EXERCISE GOAL: Give back, unchanged, the lines from the one containing "this 1440×1920 image." to the end of the listing, inclusive of both.

EXCERPTED DATA:
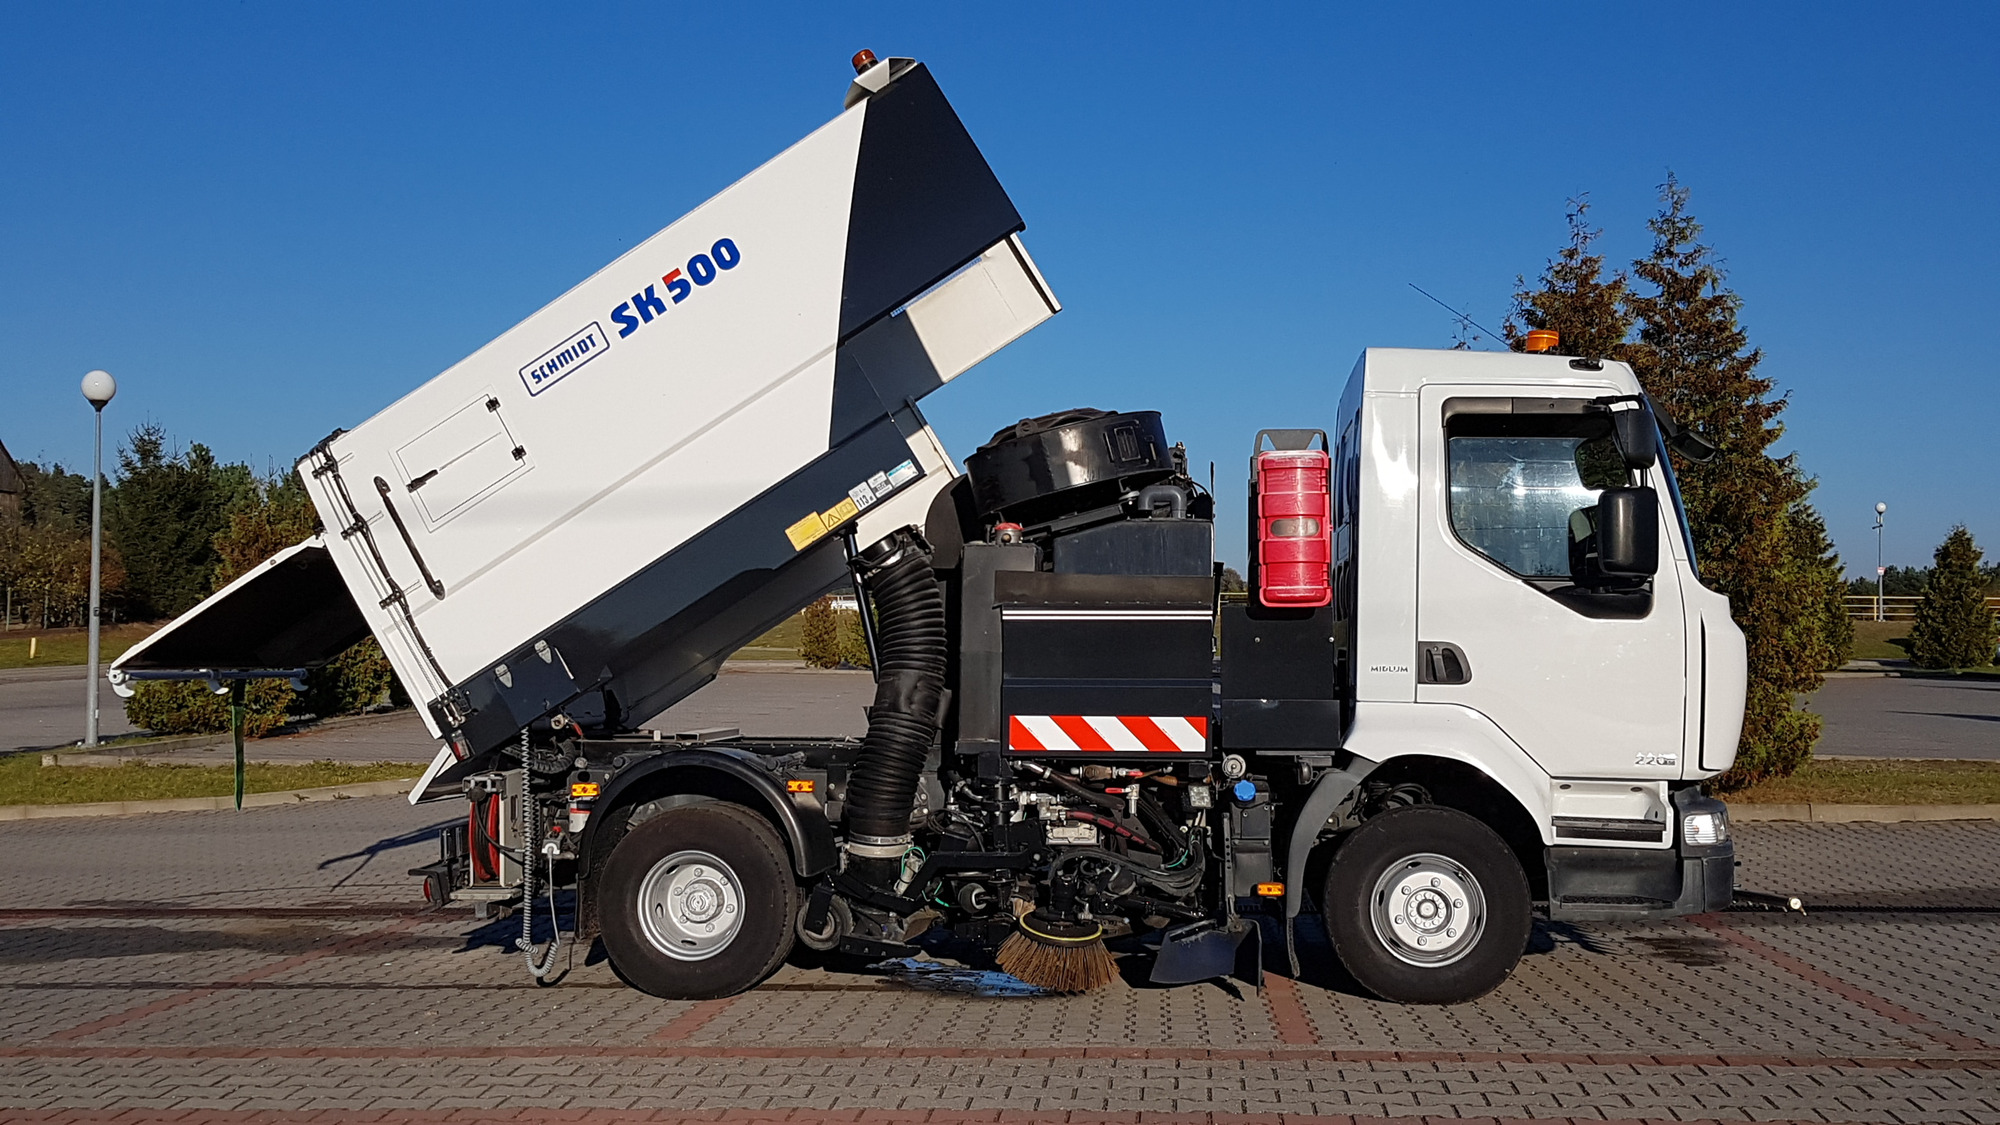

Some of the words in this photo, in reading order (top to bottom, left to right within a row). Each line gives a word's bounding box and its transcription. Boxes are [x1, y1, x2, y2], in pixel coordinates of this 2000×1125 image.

[530, 333, 597, 384] SCHMIDT
[856, 494, 870, 508] 113
[1370, 665, 1409, 673] MIDLUM
[1634, 755, 1667, 766] 220
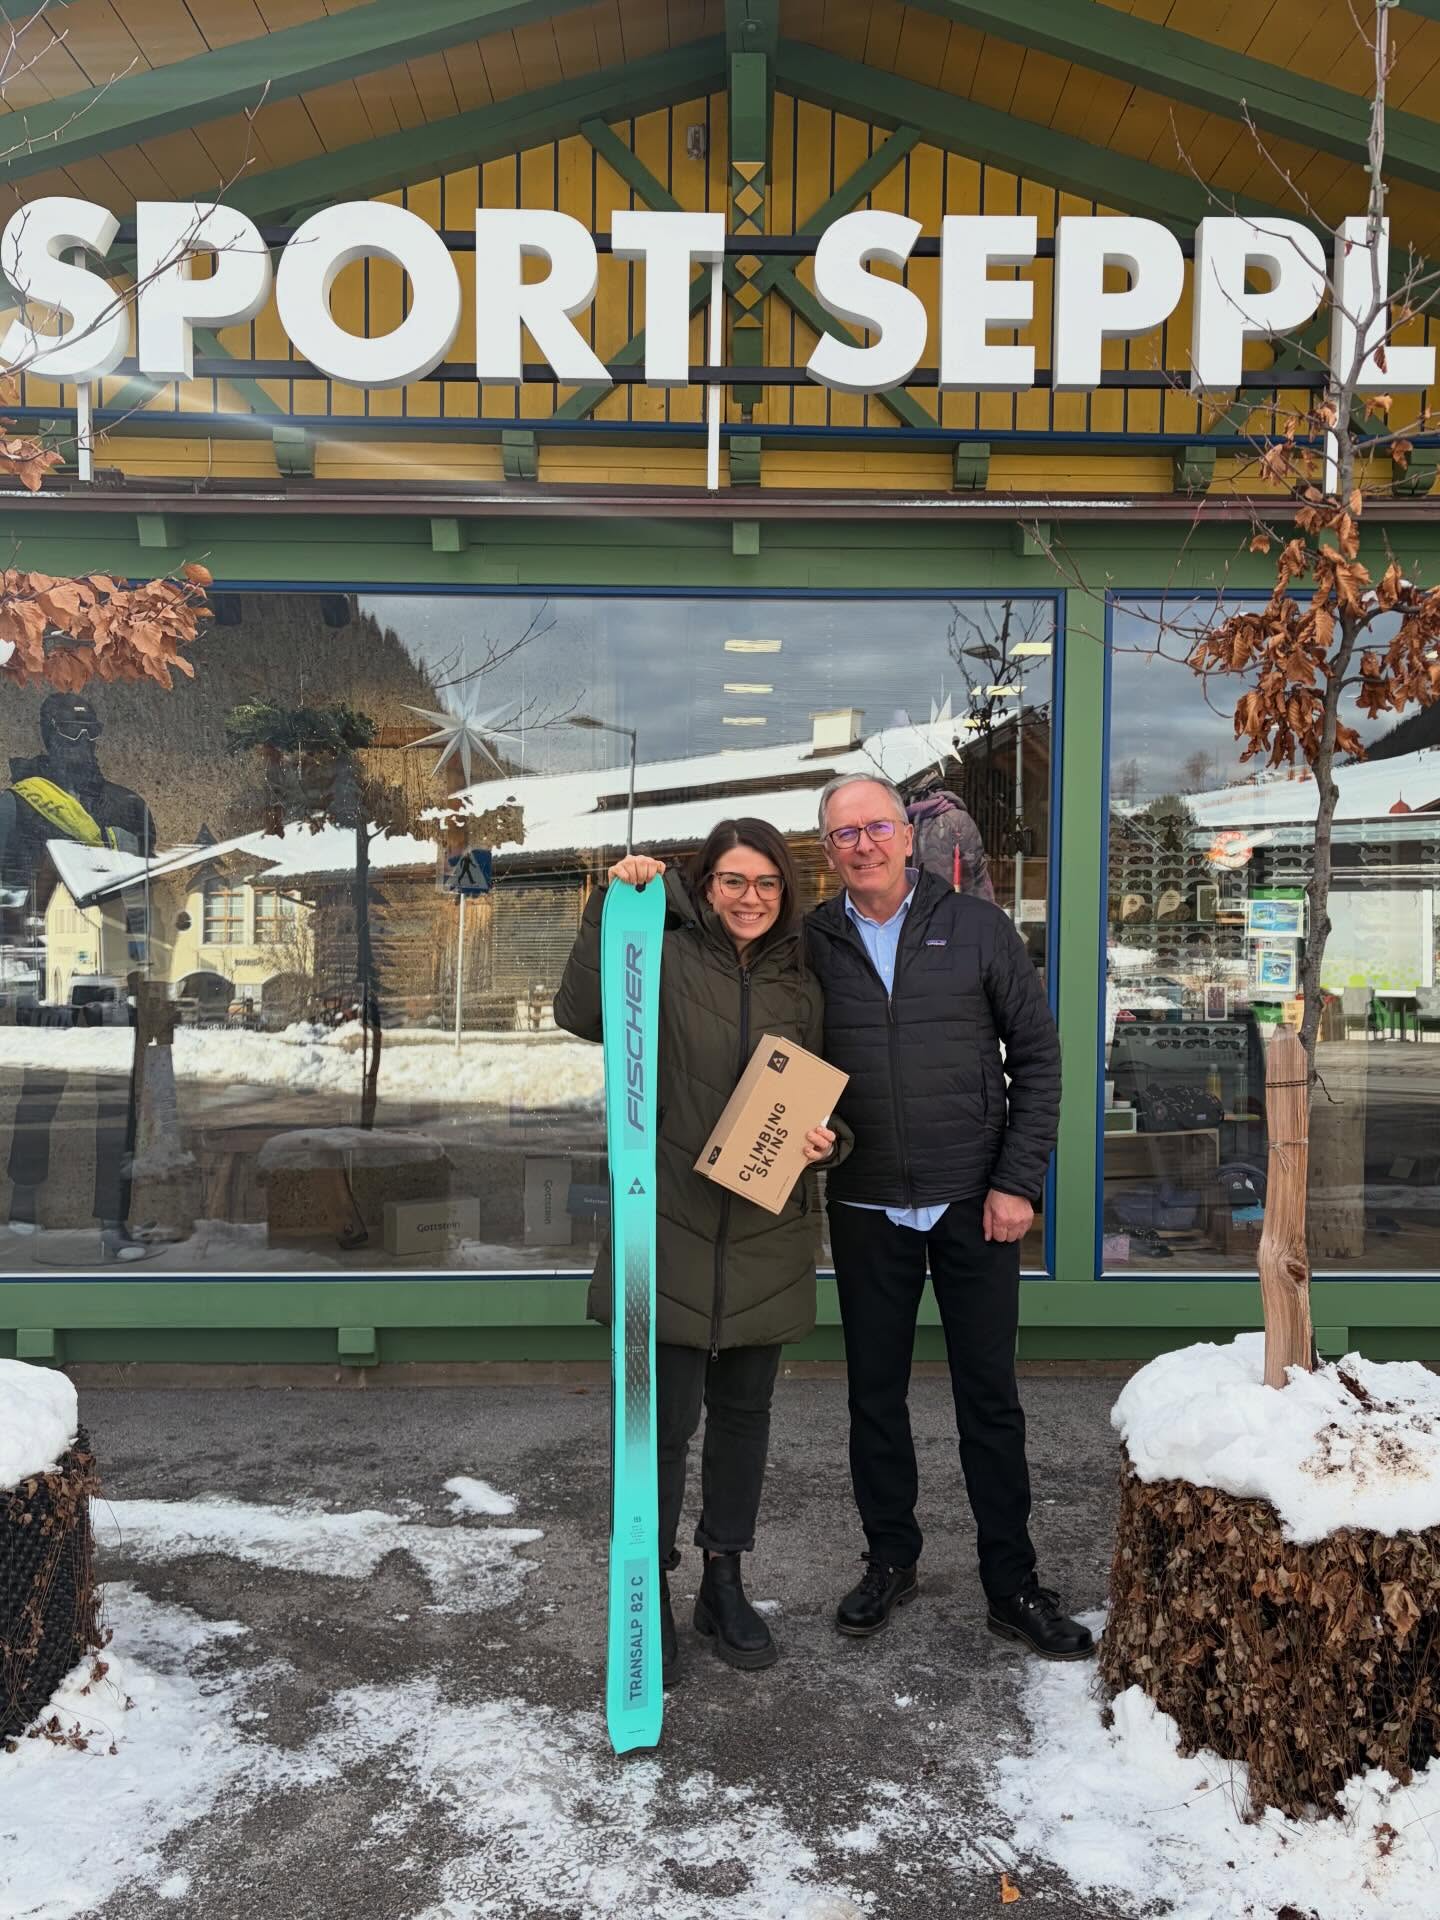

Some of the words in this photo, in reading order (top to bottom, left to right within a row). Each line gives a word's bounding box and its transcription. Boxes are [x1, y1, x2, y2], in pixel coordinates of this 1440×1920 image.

[0, 197, 726, 390] SPORT
[806, 209, 1437, 395] SEPPL
[625, 942, 645, 1133] FISCHER
[738, 1102, 787, 1182] CLIMBING
[755, 1127, 789, 1178] SKINS
[630, 1575, 644, 1587] C
[630, 1591, 644, 1613] 82
[629, 1618, 644, 1702] TRANSALP

SOLVED EXERCISE:
Some of the words in this photo, in reading order (top to bottom, left to right within a row). Each line gives a word's bounding box and its transcription. Boxes are [x1, y1, x2, y2], in pixel coordinates of this 1440×1920 image.

[0, 197, 726, 390] SPORT
[806, 209, 1437, 395] SEPPL
[625, 942, 645, 1133] FISCHER
[738, 1102, 787, 1182] CLIMBING
[755, 1127, 789, 1178] SKINS
[630, 1575, 644, 1587] C
[630, 1591, 644, 1613] 82
[629, 1618, 644, 1702] TRANSALP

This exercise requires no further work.